In cosa sei veramente bravo? 
Curare l’orto e cucinare. Sono particolarmente bravo a fare la pasta fresca.

Quali sono i tuoi hobby? 
L’Orto, cucinare, suonare la chitarra, leggere e la scrittura. Scrivo un po’ di tutto: canzoni, poesie e ho anche scritto un libro di ricette.

Se potessi scegliere un «superpotere», quale sarebbe e perché?
Ne ho tre, ma sceglierò quello di poter parlare/comunicare con piante e animali per raggiungere finalmente una reale comprensione tra uomo e natura. Gli altri due sono volare (dai, a chi non piacerebbe?) e l’invisibilità, perché a volte vorrei non esserci, o meglio esserci solo per me.

Se la tua SM fosse un animale, quale sarebbe? 
Un maledetto afide.

Quali tratti della tua personalità ti aiutano di più a vivere con la SM? 
Consapevolezza, gentilezza, menefreghismo, cinismo e allegria.

Che cosa significa per te la SM? 
Vivere il presente il più possibile. Il futuro un po’ mi spaventa, ma cerco di far prevalere la consapevolezza e la serenità del «qui e ora».
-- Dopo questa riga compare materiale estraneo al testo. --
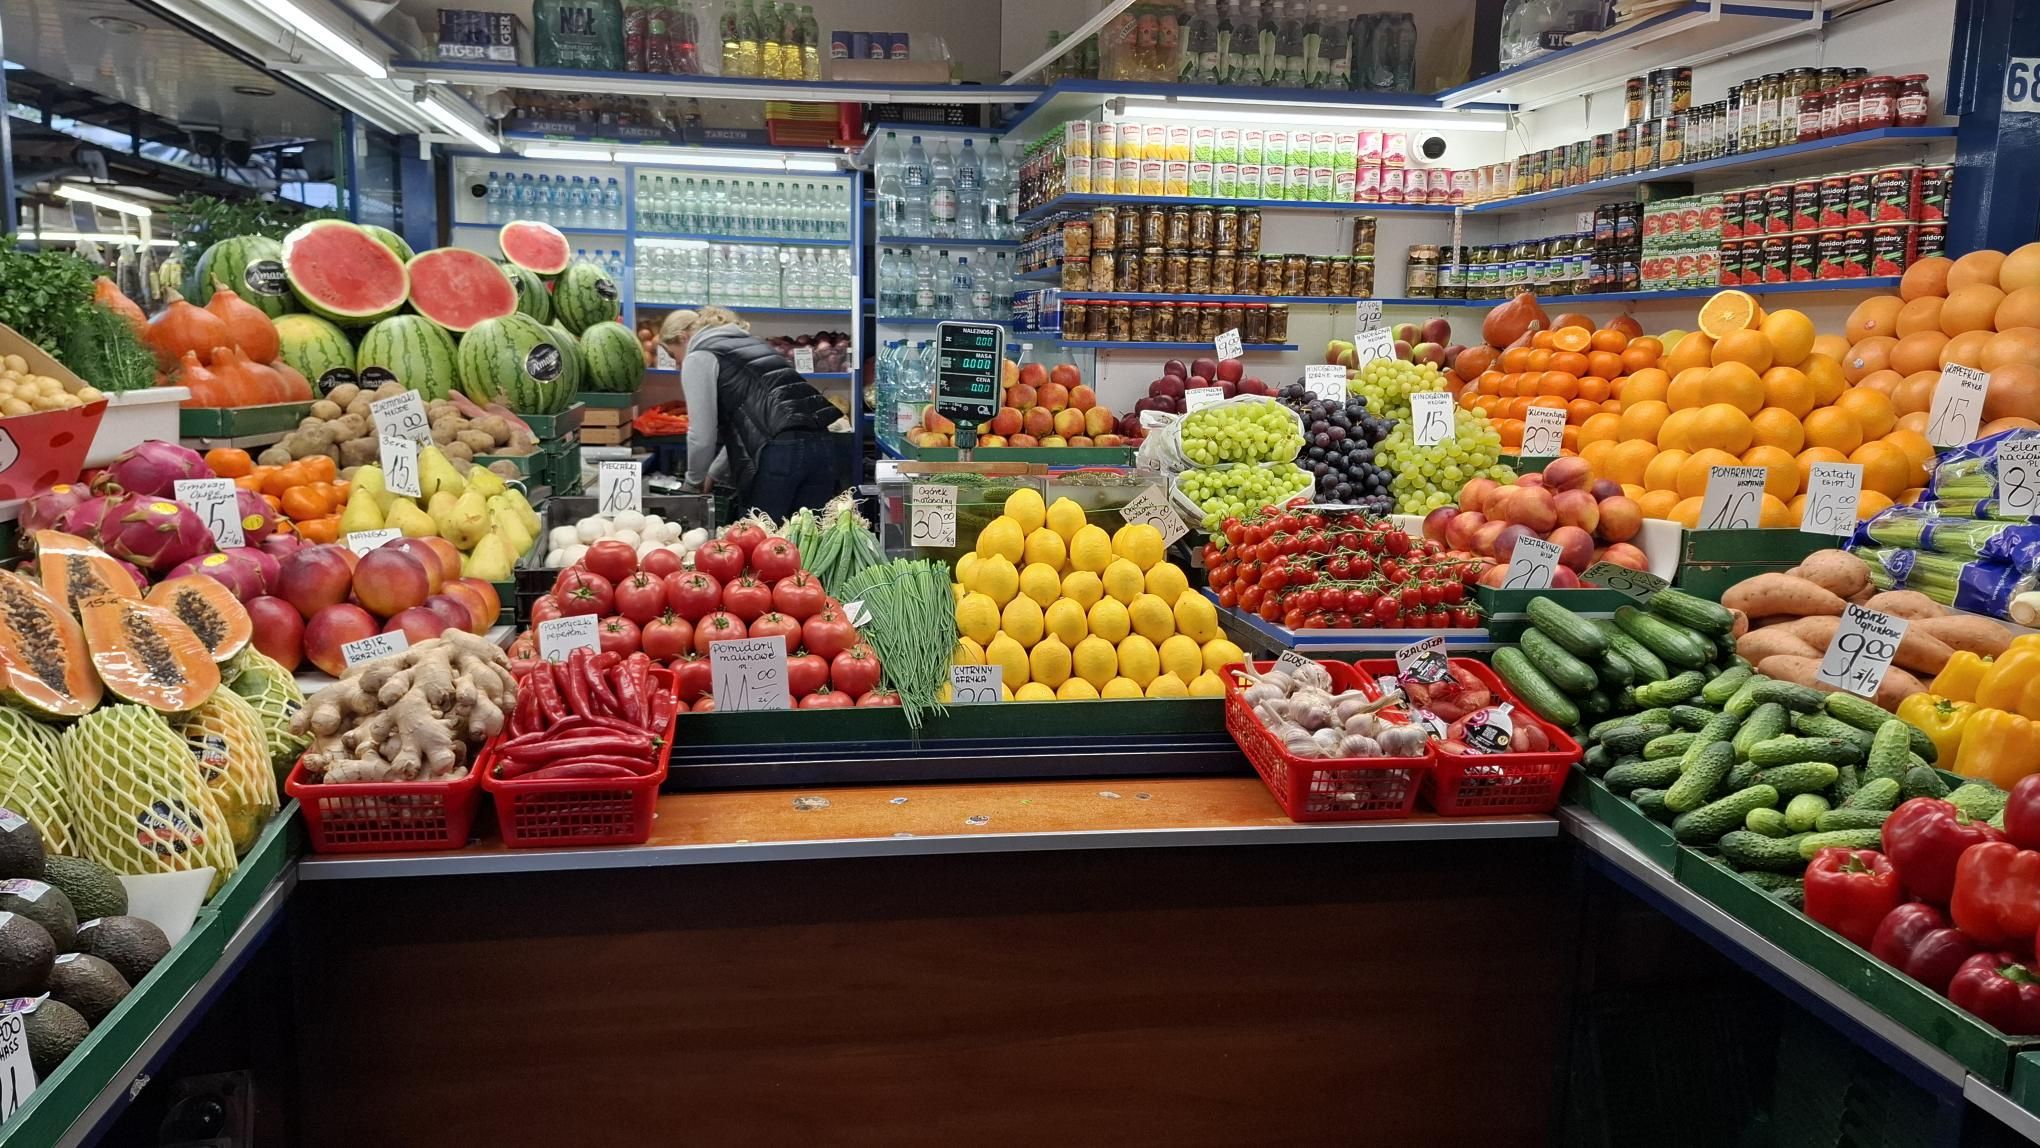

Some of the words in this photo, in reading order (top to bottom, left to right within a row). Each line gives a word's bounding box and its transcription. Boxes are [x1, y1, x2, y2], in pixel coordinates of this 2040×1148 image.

Come e a che età ti è stata diagnosticata la SM? 
Avevo 39 anni. Sentivo delle strane vibrazioni nel corpo, come elettricità, non le solite formiche. All’inizio pensavo fossero collegate alle mie ernie discali. Dopo sei mesi, ho deciso però di farmi visitare. Ed eccola là: sclerosi multipla recidivante-remittente.
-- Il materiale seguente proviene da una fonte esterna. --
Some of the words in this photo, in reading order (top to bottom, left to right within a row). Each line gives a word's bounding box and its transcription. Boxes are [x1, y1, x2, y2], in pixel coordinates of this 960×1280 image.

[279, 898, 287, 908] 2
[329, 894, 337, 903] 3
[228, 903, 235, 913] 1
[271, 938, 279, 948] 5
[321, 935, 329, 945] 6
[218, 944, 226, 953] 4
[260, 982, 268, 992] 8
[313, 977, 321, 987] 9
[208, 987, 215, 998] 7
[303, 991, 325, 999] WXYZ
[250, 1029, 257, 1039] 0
Qual è stato il tuo primo pensiero dopo la diagnosi di SM? 
Risatina autodifensiva e domanda: «Bene, adesso come andiamo avanti?» Già abituato a diagnosi dolorose (ernie, epatite C, menisco, crociato…), l’ho presa in modo pratico, anche se dentro di me mi sentivo morire.

Quali sono i sintomi che ti preoccupano di più?
Spossatezza (fatigue), crampi, problemi nella sfera sessuale.
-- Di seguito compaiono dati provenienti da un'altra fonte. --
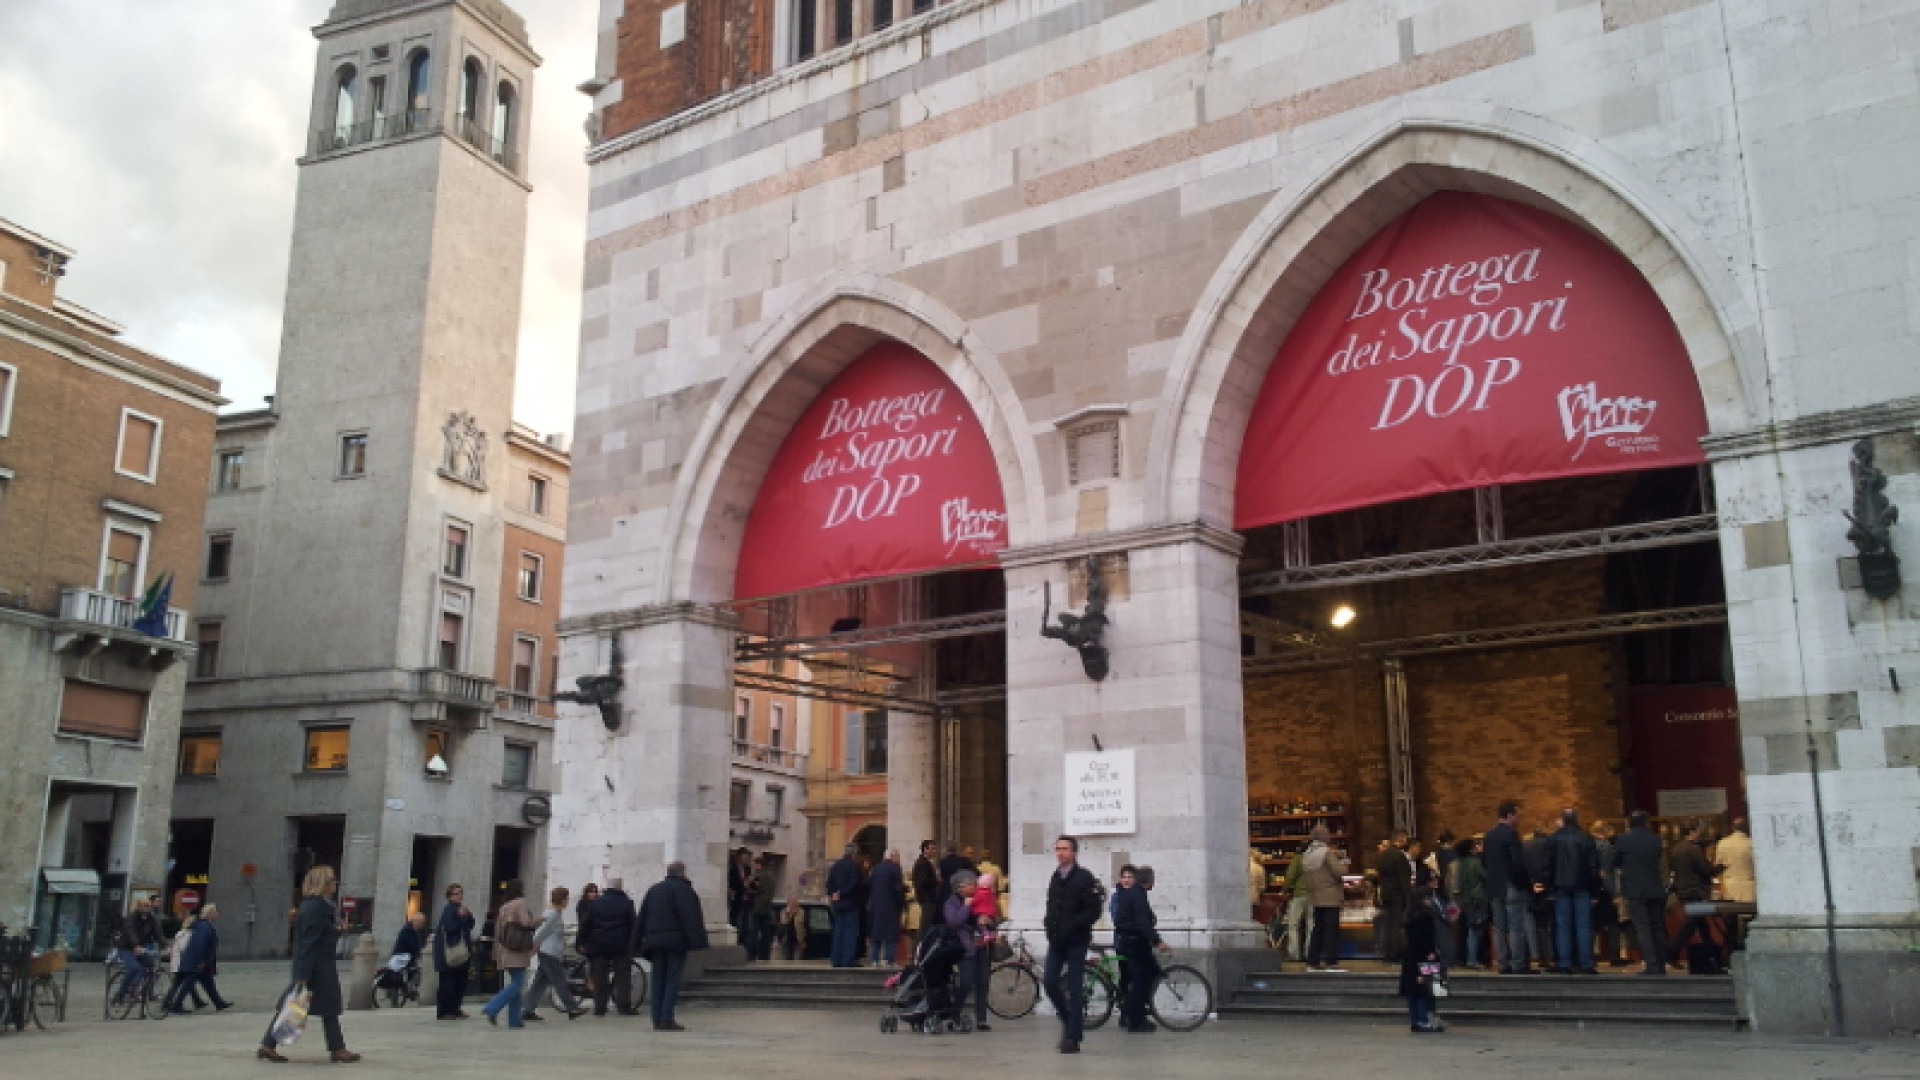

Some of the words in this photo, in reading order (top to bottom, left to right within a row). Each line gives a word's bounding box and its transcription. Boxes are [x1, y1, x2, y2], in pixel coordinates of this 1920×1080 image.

[1346, 247, 1541, 320] Bottega
[1327, 330, 1386, 375] dei
[1388, 281, 1573, 365] Sapori
[817, 388, 946, 440] Bottega
[1371, 356, 1521, 430] DOP
[802, 448, 841, 482] dei
[840, 415, 962, 478] Sapori
[822, 474, 922, 528] DOP
In che modo la SM influisce sulla tua vita quotidiana? 
È difficile programmare ogni cosa, perché ad una certa ora della giornata non ho più energie per via della fatigue.

In che misura la diagnosi di SM ha cambiato i tuoi piani e obiettivi di vita? 
Non c’è stato un grande cambiamento, non ho mai avuto piani e obiettivi di vita, se non quello di dare più amore e gentilezza possibile. E riceverne. E funziona.

Hai figli? In che modo concili figli e malattia? 
Ni: ho delle esperienze di vita che mi hanno permesso di avere figli e nipoti acquisiti, oltre a tre nipoti biologici, e con loro ho un rapporto molto bello.

Qual è la situazione sul posto di lavoro? 
Fortunatamente ho smesso di lavorare.

Hai vissuto delle discriminazioni dovute alla SM, per esempio sul lavoro o nelle relazioni? 
No, tranne qualche “intelligentone” di turno che diceva: «Fai finta». Anche con gli sconosciuti mi sono imbattuto in giudizi affrettati: «Non sei su una sedia a rotelle, dunque occupi il posteggio per invalidi abusivamente».

Qual è il più grande apprendimento che ti ha dato la convivenza con la SM? 
Carpe diem, prima che diem carpi te. (Variazione moderna e ironica del celebre «carpe diem» del poeta latino Orazio).

Se dovessi sederti di fronte a una persona a cui è stata diagnosticata la SM recentemente, cosa le diresti?
Guardami, puoi farcela! Lo so che spaventa, ma puoi farcela!

Nei giorni no, chi o cosa ti dà coraggio e speranza? 
La famiglia e gli amici. Cerco anche di concentrarmi su altre cose, come l’orto e la cucina. Entrambi mi danno energia positiva e una connessione con la natura.

Secondo la tua esperienza, la società è sufficientemente attenta alle persone con SM? Se no, su cosa vorresti sensibilizzare la popolazione?
Non c’è abbastanza conoscenza della malattia: per esempio, se non sei in carrozzina ma, fortunatamente, cammini ancora, nessuno pensa che tu sia malato. Spesso ciò che non ci tocca direttamente in prima persona pensiamo non ci riguardi.

Qual è il tuo rapporto con la Società SM? 
Un confortante scambio di chiacchiere sulla mia situazione.